Monday 30 January 2012

And so it begins

I have often thought about starting a blog, and I have thought of loads of things to write, sometimes its witty, sometimes funny but mostly just about me.  I have loads going on in my head and I think a lot of it might shock you or not, but basically I just need to get it out before it eats me up.  I am not who I pretend to be, don't worry this won't take an Emo turn, I won't start writing about how my black hearts beats on steel razor blades or anything but sometimes what my mouth says is not what my brain is thinking.

I guess my first revelation is tonight is that I am a road-rage-aholic, nothing gets me a-cussing and a-swearing like a stupid driver or a high beam to the eyes.  Just tonight you could find me rolling down the street in Hemmingstone screaming at an idiotic BMW driver who couldn't wait the 3 secs it took me to get to a point in the road where he/she could pass me without any hassle...ooooohhhhh noooo they had to make me back up even though I had further to travel backwards then they had to wait to me to get to that point in to road...I wound down my window and yelled something like "Where the frick did you want me to go?"  and I am sure a gesture followed that up, but in the dark it was hardly effective.   So that is my usual routine, I scream at stupid drivers in the morning and evening.

So do you wanna know why I named my blog I want to be a farmers wife??  Well because I do want to be a farmers wife, I want to live off the land and the animals I raise and grow.  I am seriously addicted to animals and could quite happily be an animal hoarder if not closely watched.  So I thought maybe starting a blog about how I intend to be a farmers wife, and all the other crazy ideas I think up and try to undertake would saitate me and maybe calm the crazy down in my head.
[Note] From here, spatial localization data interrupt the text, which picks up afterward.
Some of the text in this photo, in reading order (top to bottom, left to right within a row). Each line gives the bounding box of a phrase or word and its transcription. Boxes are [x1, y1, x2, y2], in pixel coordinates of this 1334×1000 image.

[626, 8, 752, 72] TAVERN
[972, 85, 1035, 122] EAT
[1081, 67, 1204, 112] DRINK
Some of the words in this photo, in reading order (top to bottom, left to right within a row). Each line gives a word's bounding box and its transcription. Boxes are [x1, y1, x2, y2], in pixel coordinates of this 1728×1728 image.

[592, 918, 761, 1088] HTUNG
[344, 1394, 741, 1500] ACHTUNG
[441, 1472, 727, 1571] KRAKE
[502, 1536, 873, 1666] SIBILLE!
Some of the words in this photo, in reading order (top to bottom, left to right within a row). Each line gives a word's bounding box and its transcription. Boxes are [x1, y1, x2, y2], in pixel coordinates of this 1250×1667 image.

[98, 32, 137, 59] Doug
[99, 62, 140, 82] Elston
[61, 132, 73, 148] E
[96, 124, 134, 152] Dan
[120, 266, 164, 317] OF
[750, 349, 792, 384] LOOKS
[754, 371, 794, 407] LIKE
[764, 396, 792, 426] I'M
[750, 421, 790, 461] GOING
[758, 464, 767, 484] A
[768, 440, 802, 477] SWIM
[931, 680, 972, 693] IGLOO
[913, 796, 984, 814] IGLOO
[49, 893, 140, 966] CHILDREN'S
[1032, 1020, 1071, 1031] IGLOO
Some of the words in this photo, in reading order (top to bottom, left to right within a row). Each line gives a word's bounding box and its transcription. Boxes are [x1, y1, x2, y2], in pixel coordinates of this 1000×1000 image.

For now I just dream and scheme about waking up on my small farm, with my husband and 8 (maybe 20) dogs and letting the horses and cattle out to run.  As for now I feed my one overweight miniature schanauzer and wish it was more, and I drive to my office job while thinking about growing my own veg, canning it, and feeding my family (of 2.5 people, myself included) come whatever the ecomnomic climate...this is my life's ambition...as well as having fun along the way.

1 comment:

  1. Can not wait to see what you cook up in that head of yours!! Happy writing!